Arrêt n°60 du 17 janvier 2019 (17-28.861) - Cour de cassation - Deuxième chambre civile - ECLI:FR:CCASS:2019:C200060
Responsabilité délictuelle ou quasi délictuelleRejet
Sommaire :
Une cour d’appel qui relève que la chute d’une cavalière, engagée au pas avec un autre cavalier dans une impasse, ne peut s’expliquer que par l’emballement de son cheval du fait de deux gros chiens qui se sont soudainement mis à courir vers eux, ou du fait de l’autre cheval, lui même affolé par ceux-ci et qui souligne que le fait que ces chiens non tenus en laisse soient arrivés en courant d’un talus en surplomb non visible a accentué l’effet de surprise et de peur au moins pour le premier cheval, caractérise le comportement anormal des chiens et peut retenir la responsabilité de leurs propriétaires.
Demandeur(s) : Société Filia-Maif et autre(s)
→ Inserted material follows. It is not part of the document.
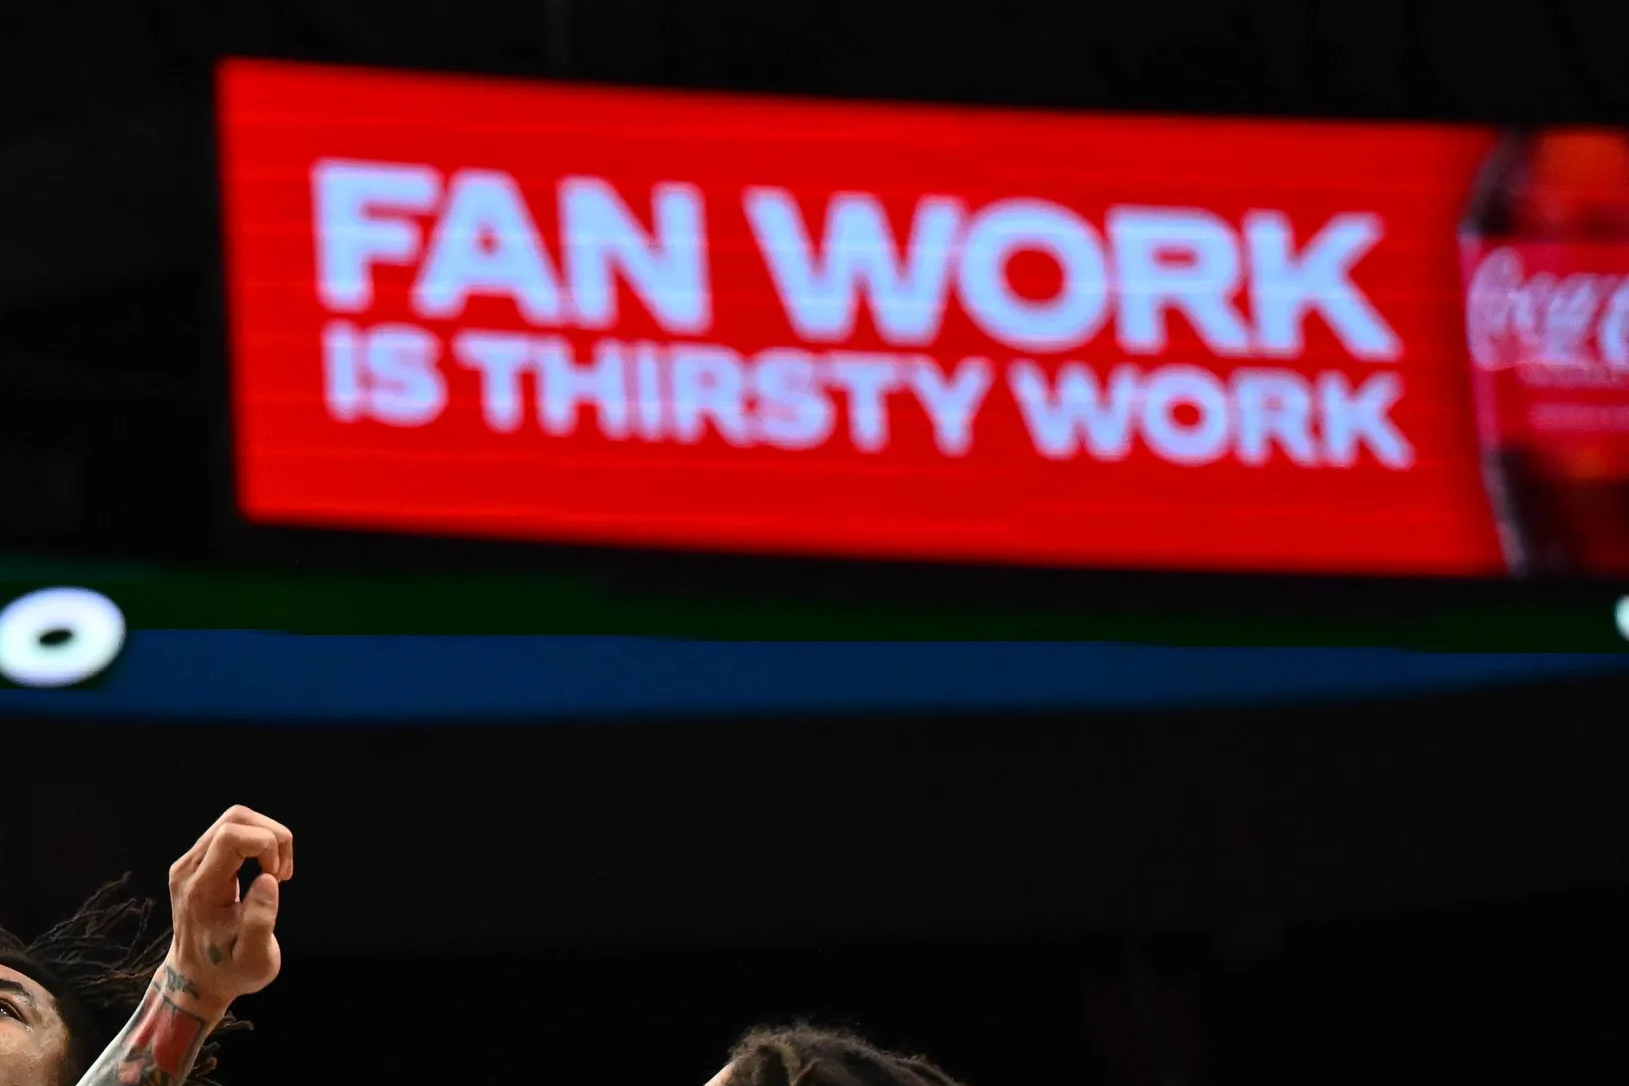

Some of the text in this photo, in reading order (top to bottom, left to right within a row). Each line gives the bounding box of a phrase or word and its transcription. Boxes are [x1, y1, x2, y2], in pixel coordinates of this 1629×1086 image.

[310, 157, 1402, 361] FAN WORK
[323, 320, 1414, 470] IS THIRSTY WORK
Défendeur(s) : CPAM de l’Ain et autre(s)
Sur le moyen unique du pourvoi principal et du pourvoi incident qui sont identiques :
Attendu, selon l’arrêt attaqué (Lyon, 5 octobre 2017), que le [...], Mme E... a été victime d’une chute de cheval alors qu’elle se promenait avec un autre cavalier et que les chiens de Mme Y... et de Mme Z... se sont trouvés sur leur chemin ; qu’avec ses parents, M. Alain E... et Mme Christiane E... , elle a assigné Mme Y... et son assureur, la société Filia-Maif, et Mme Z... et son assureur, la société Mutuelle de l’Est la Bresse assurances, en indemnisation de leurs préjudices, en présence de la caisse primaire d’assurance maladie de l’Ain ;
Attendu que Mme Y... , Mme Z... et leurs assureurs font grief à l’arrêt de les déclarer responsables in solidum de l’accident dont a été victime Mme E... , de les déclarer tenues in solidum à réparer les dommages causés à Mme Audrey E... , ainsi qu’Alain E... et Christiane E... , alors, selon le moyen :
1°/
que la responsabilité du propriétaire d’un animal suppose la preuve du
rôle actif de cet animal dans la survenance du dommage ; qu’en l’absence
de contact avec la victime, le rôle actif de l’animal résulte soit de
l’anomalie de sa position, soit de son comportement ; qu’en l’espèce, la
cour d’appel a constaté que le chien de Mme Y... comme celui de Mme Z...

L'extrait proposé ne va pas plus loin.